Siempre me cuestiona la actual incapacidad de transmitir la fe a los demás en nuestra Iglesia, cumpliendo el mandato del Señor de anunciar que Él está vivo y mostrar la fuerza del Evangelio. Muchas son las causas de esta incapacidad; una de ellas es la realidad de nuestra sociedad, poco o nada abierta al mundo de la fe, tendiendo, además, a vivir “como si Dios no existiera”. En el mundo europeo donde estamos, se están poniendo las cosas de tal manera que se comienza a ver claramente que, de seguir siendo el resorte económico, la carrera en pos de las riquezas, o el mero interés material lo que rija el destino de las naciones de Europa, nos despeñaremos en la ruina moral y material. No es fácil, pues, mostrar otra visión de mundo que no tenga como base únicamente el bajo interés materialista del comercio, del acaparamiento, de la lucha por toda clase de intereses.

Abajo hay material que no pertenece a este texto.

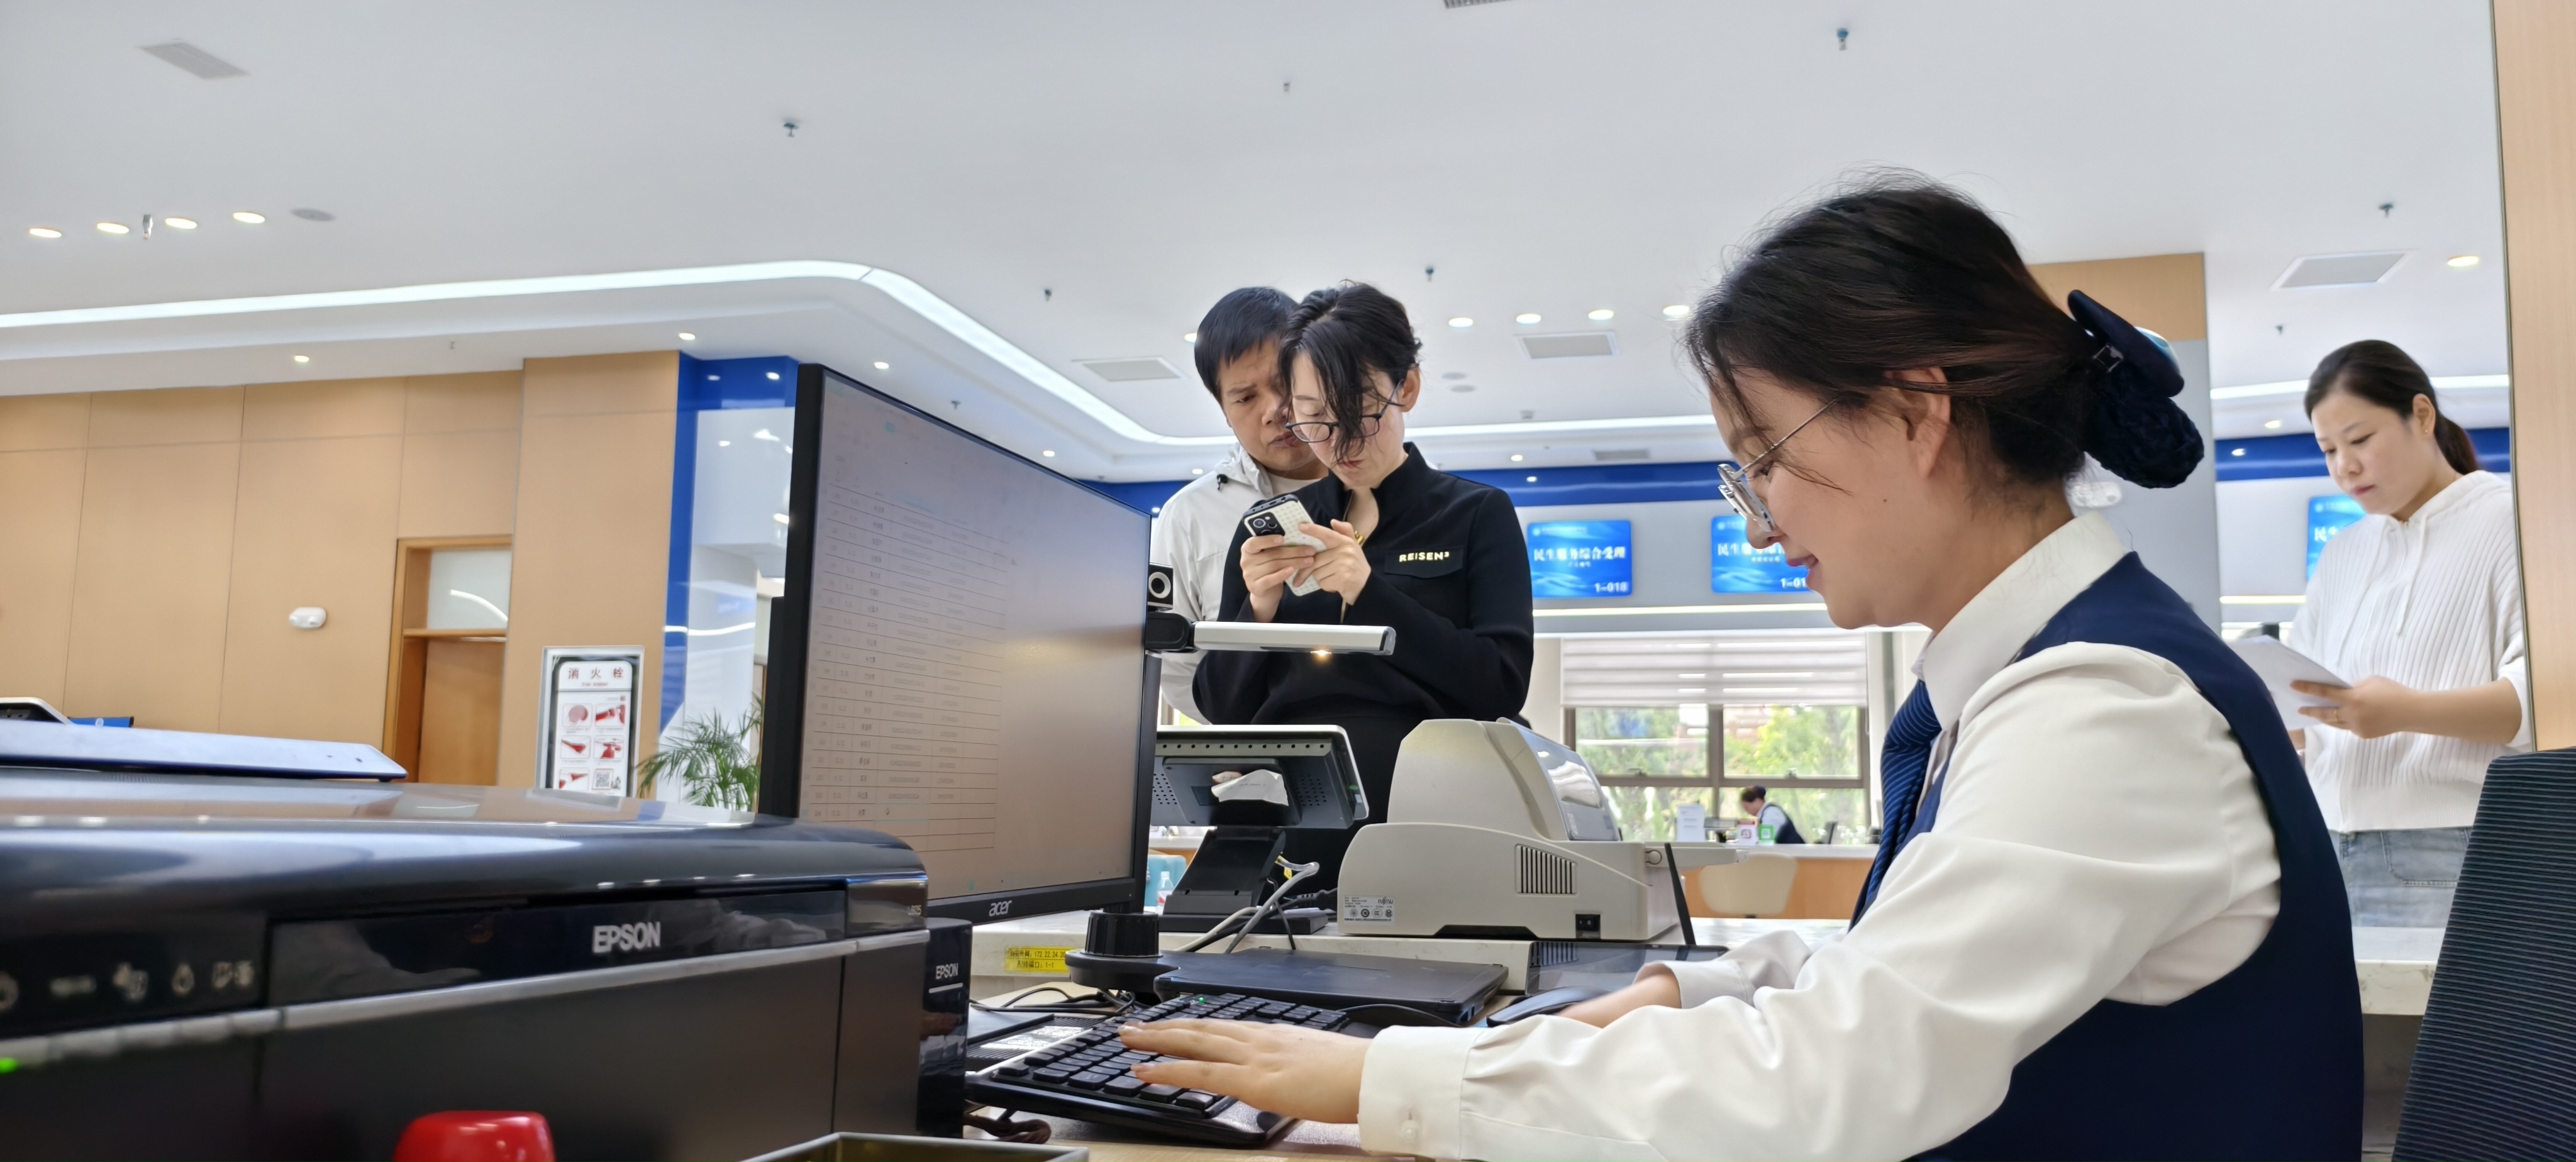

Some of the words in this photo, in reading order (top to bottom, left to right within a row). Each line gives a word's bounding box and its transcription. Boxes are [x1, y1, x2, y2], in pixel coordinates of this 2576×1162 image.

Sentimos así nuestra debilidad, sobre todo para testimoniar que nuestra fe es razonable, y, por eso, nuestra vida cristiana pueda contribuir a mostrar un mundo más humano, menos individualista, más centrado en el bien común. Nos deja perplejos el desenvolvimiento de una vida sin referencia a Dios; o una política que no se preocupa del bien común, porque deshecha toda relación con la vida moral de las personas. También nos preocupa que en el panorama español no se consiga razonablemente organizar las funciones del Estado, definir las responsabilidades y los límites de los poderes legislativo, ejecutivo y judicial, y determinar la relación entre los ciudadanos y el Estado.
Secularistas españoles y europeos parecen haber olvidado este último objetivo. Ignorarlo equivale a poner en peligro el entero proceso constitucional. Por eso, si no se reconocen los orígenes cristianos a esta realidad que es España, se puede generar, en el mejor de los casos, una frustración, y en el peor, una auténtica futilidad. Sin duda que en la formación de la España moderna han confluido muchas corrientes culturales, que exigen muchos matices. Por eso, aquí necesitamos tener rigor.
Afirmar que existe una “España cristiana” no es necesaria o exclusivamente reivindicar una España confesional. Es reconocer una España que respeta sin límites la igualdad de sus ciudadanos: creyentes y “laicos”, cristianos o no cristianos. Este no es un problema que afecta solo a los cristianos de España; es una realidad en una gran parte de Europa o en lo que llamamos Occidente. Tampoco viene mucha luz de otras visiones del mundo en otras latitudes. Nuestra fe nos dice que somos ciudadanos de esta España –de los que creen en Dios como fuente de verdad, justicia y belleza, y de los que no comparten esta fe, pero respetan los valores universales que derivan de diversas fuentes– y que tenemos los mismos derechos y responsabilidades en relación al bien común.
Por todo ello, ¡qué importante es vivir con intensidad el misterio cristiano del Triduo Pascual! Hace falta ahondar en nuestra fe y en el seguimiento de Jesucristo muerto y resucitado y en lo que esta gracia de Dios vale para la sociedad en la que vivimos, que es la nuestra. El Papa Francisco nos invita constantemente a salir, a evangelizar, a ser discípulos misioneros, no simplemente para hacer a más personas “de los nuestros”. Es preciso orar para saber cómo actuar en nuestro mundo, y ser así muy perspicaces y más creativos. También conviene tener en cuenta lo que decía santa Teresa del Niño Jesús: “La confianza, y nada más que la confianza, puede conducirnos al Amor”.
+Braulio Rodríguez Plaza, arzobispo emérito de Toledo.